======== Material for the task

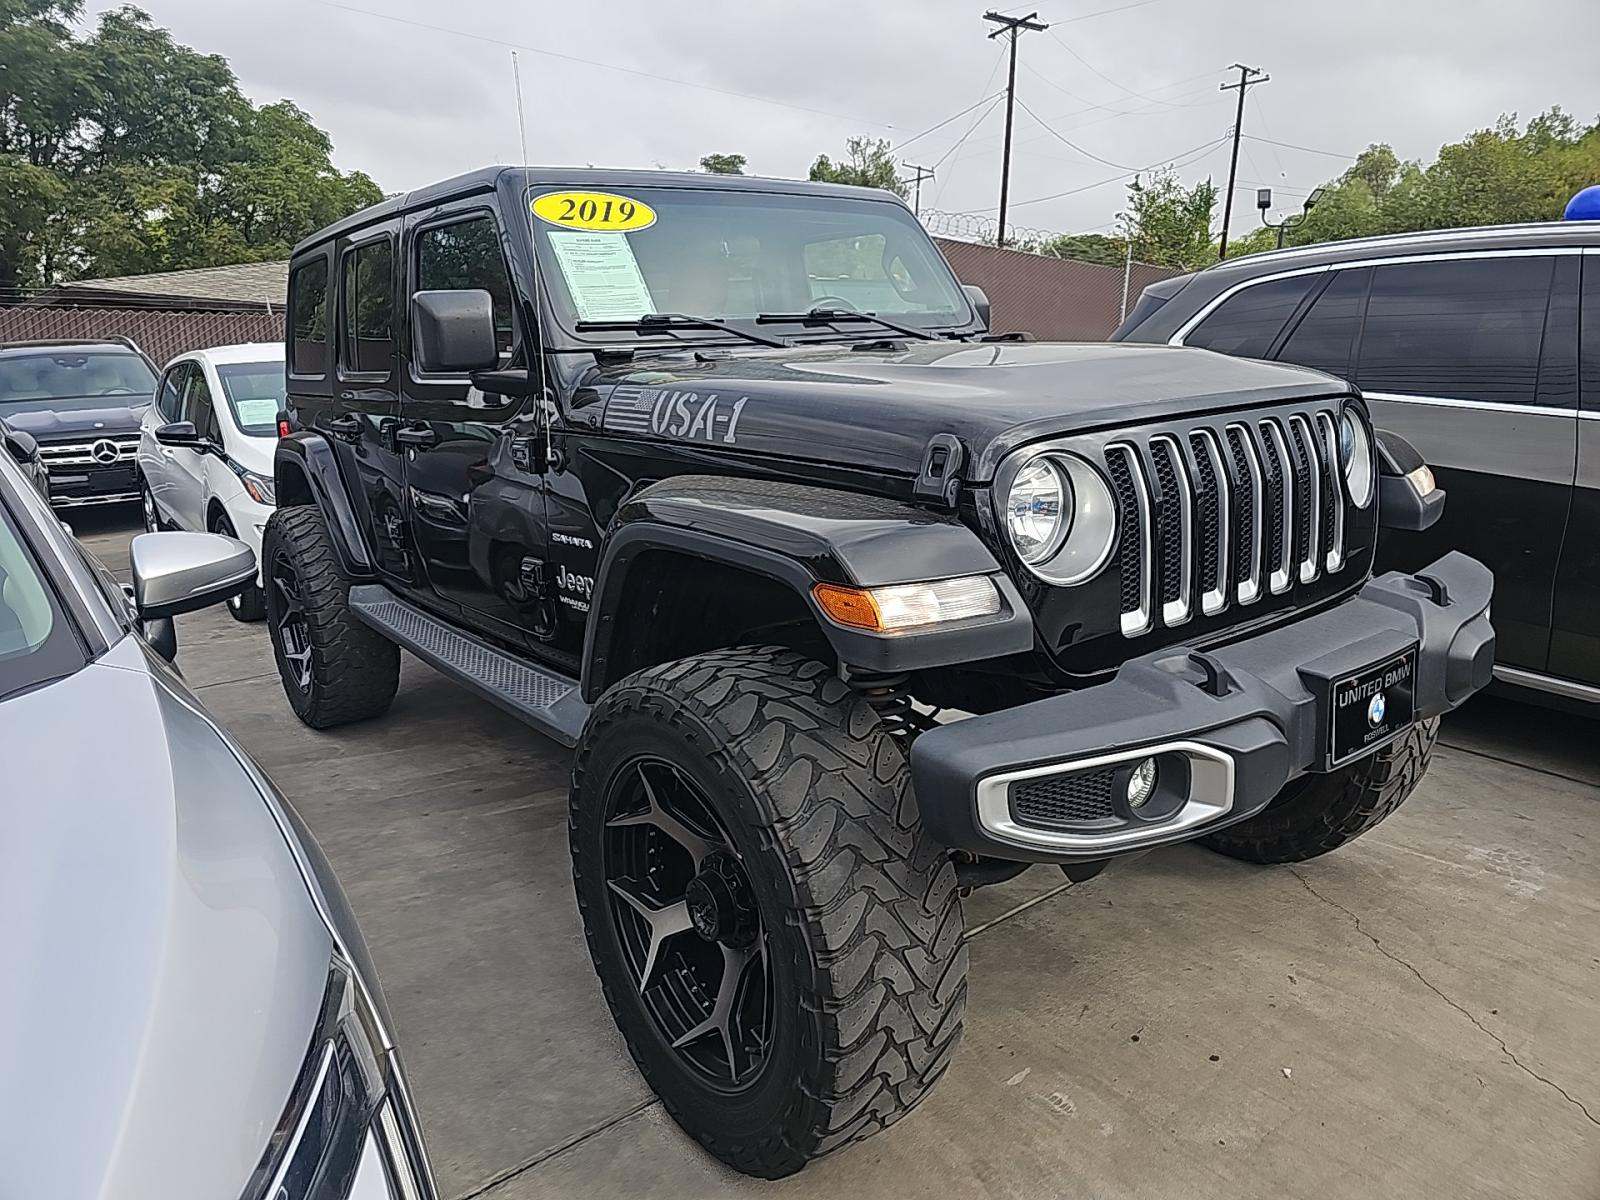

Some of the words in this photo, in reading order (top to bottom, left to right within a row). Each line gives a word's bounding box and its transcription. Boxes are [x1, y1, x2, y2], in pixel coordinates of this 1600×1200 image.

[558, 198, 635, 223] 2019
[652, 390, 750, 443] USA-1
[556, 564, 594, 600] Jeep
[1339, 677, 1383, 707] UNITED
[1384, 662, 1412, 688] BMW
[1363, 723, 1390, 744] ROSWELL

================

**Your instructions**: Set down every entry above exactly as written. Leave out all pictures.

**Answer area**:
Some of the words in this photo, in reading order (top to bottom, left to right within a row). Each line gives a word's bounding box and its transcription. Boxes are [x1, y1, x2, y2], in pixel coordinates of this 1600×1200 image.

[558, 198, 635, 223] 2019
[652, 390, 750, 443] USA-1
[556, 564, 594, 600] Jeep
[1339, 677, 1383, 707] UNITED
[1384, 662, 1412, 688] BMW
[1363, 723, 1390, 744] ROSWELL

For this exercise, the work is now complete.